But their fleet -- their ever-dispersing and multiplying fleet -- was hundreds of thousands in number, and growing larger with the passage of time.

The similarity to The Battle of Sol was undeniable. The Swarmers used no special maneuvers, no grand strategy. They came in such great numbers that even a hundred of us -- our guns blazing together at once -- could have only dispatched a fraction of them at any one time.

The mood on the Link grew grim.

We'd all seen this before. Seen it, and knew the end results.

But one thing seemed peculiar. Where was the sun-killer?

I Linked this question to the others, who sent the equivalent of shrugs.

That had been something we'd seen at Sol, and not realized what was happening until it had been too late. Not a large device, the sun-killer was a bit like a bastardized superluminal reactor, only with extra shielding and inverted coils.
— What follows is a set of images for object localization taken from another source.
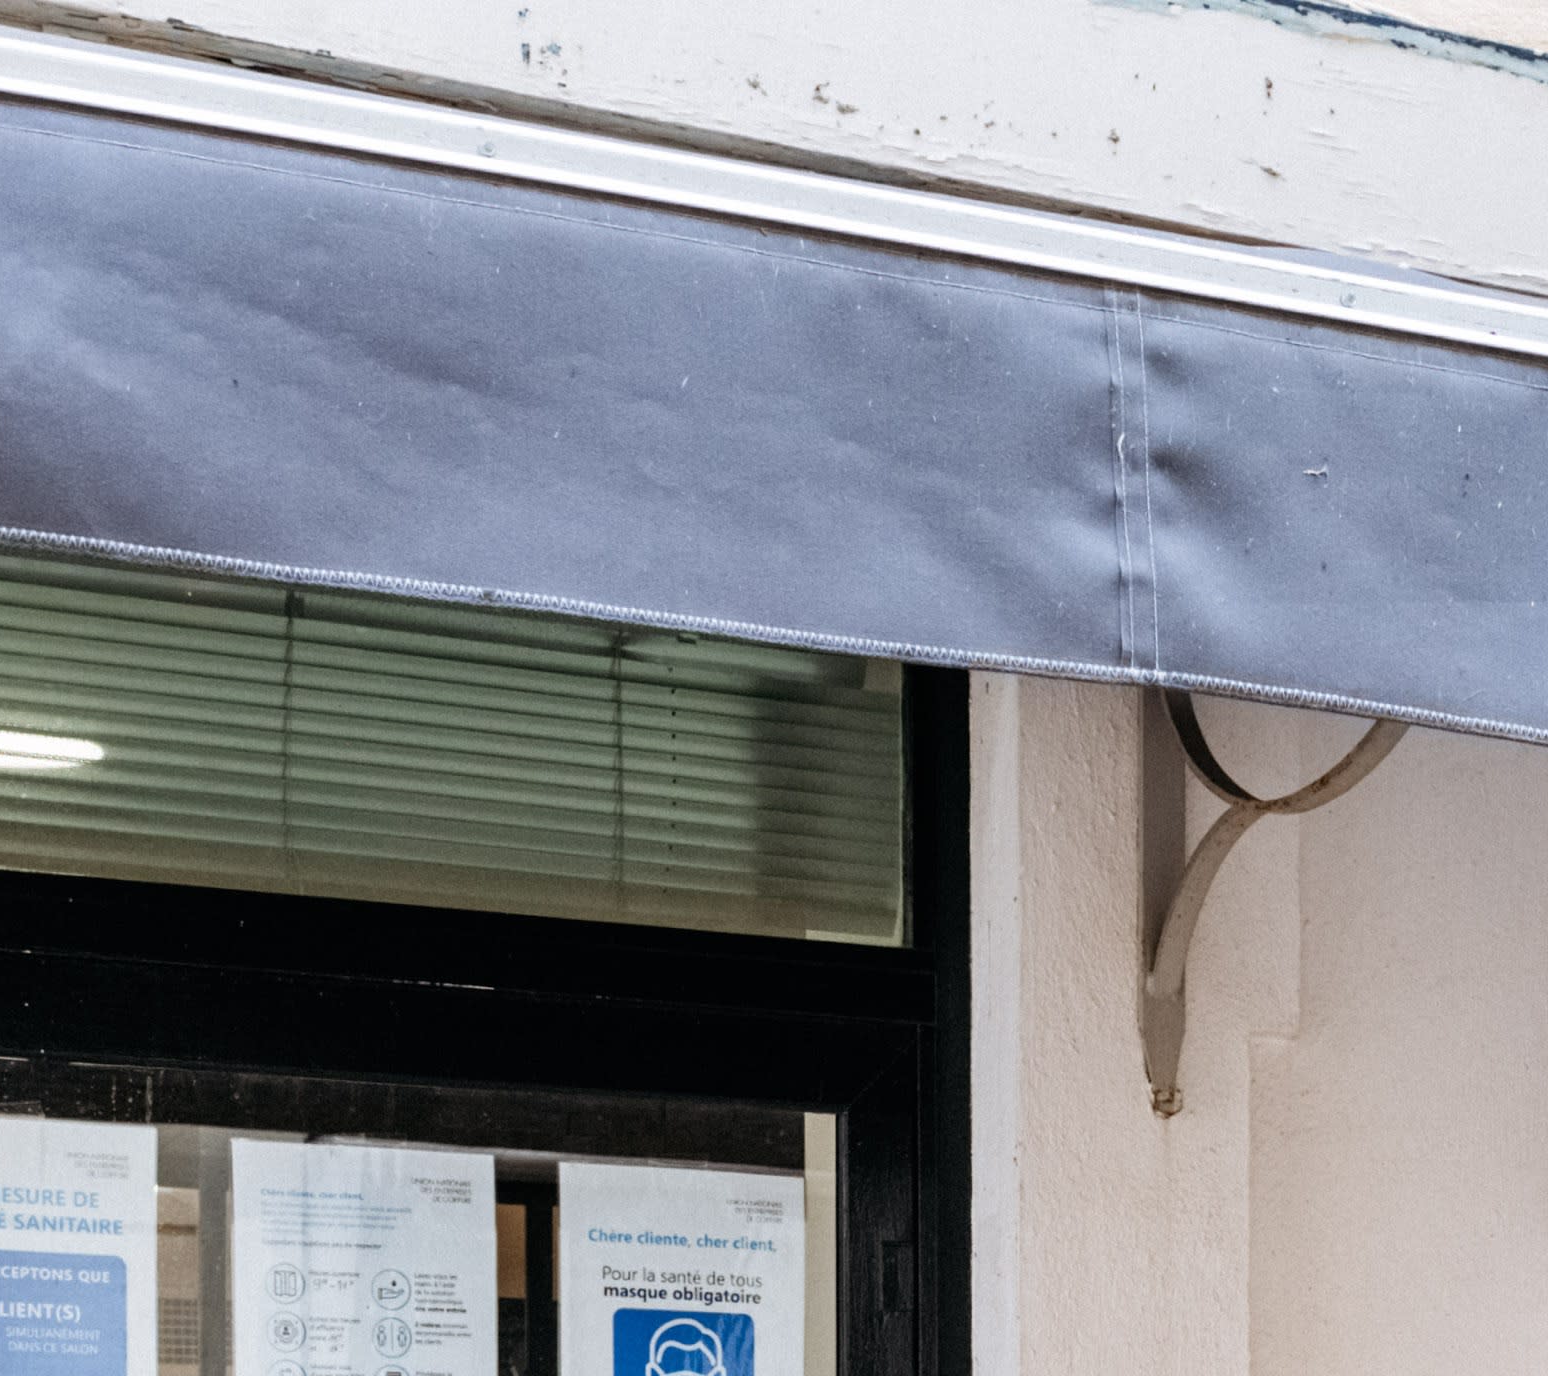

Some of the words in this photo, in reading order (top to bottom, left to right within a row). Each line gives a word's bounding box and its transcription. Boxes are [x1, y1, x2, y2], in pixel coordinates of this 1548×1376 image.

[73, 1190, 100, 1209] DE
[14, 1213, 123, 1236] SANITAIRE
[588, 1228, 633, 1243] Chère
[637, 1231, 691, 1249] cliente,
[696, 1234, 729, 1249] cher
[733, 1236, 777, 1253] client,
[78, 1270, 111, 1284] QUE
[602, 1266, 637, 1281] Pour
[642, 1267, 655, 1283] la
[660, 1270, 701, 1285] santé
[706, 1271, 725, 1286] de
[730, 1273, 763, 1288] tous
[603, 1286, 667, 1304] masque
[673, 1287, 762, 1306] obligatoire
How it penetrated so deeply into a star's mantle or generated the chain reaction necessary to cause a yellow dwarf to blow apart remained a mystery, but we'd seen the device plunge into the heart of Sol, and none of us could ever forget the results. So where was the sun-killer this time?

We saw only Swarmer fighters and carriers, nothing more.

Carlos, Wanda, the others, they were frantic on the Link, relaying tactical suggestions and working far too hard to conceal the terror underlying each communication.

It occurred to me that this might not be the first time the Swarmers had done this. Having constructed their trap, what was the use in destroying it if they still had more bugs to zap? I imagined previous collections of us -- the many of us who had escaped Sol after our world was obliterated by our exploding sun -- finding this planet in their wanderings; a planet populated with humans. When enough of us arrived, the Swarmers attacked, destroyed, recovered the wreckage, then returned to their lairs in the Oort, like trap door spiders, ready for the next set of prey.

It was a clever ploy. Far more clever than any of us had suspected possible on the part of these aliens.

I sent my hypothesis via Link, only to find the connection . . . muddied. Not blocked per se, just clouded. I could no longer coherently talk to any of the others. Nobody could hear me, which meant none of us could hear each other.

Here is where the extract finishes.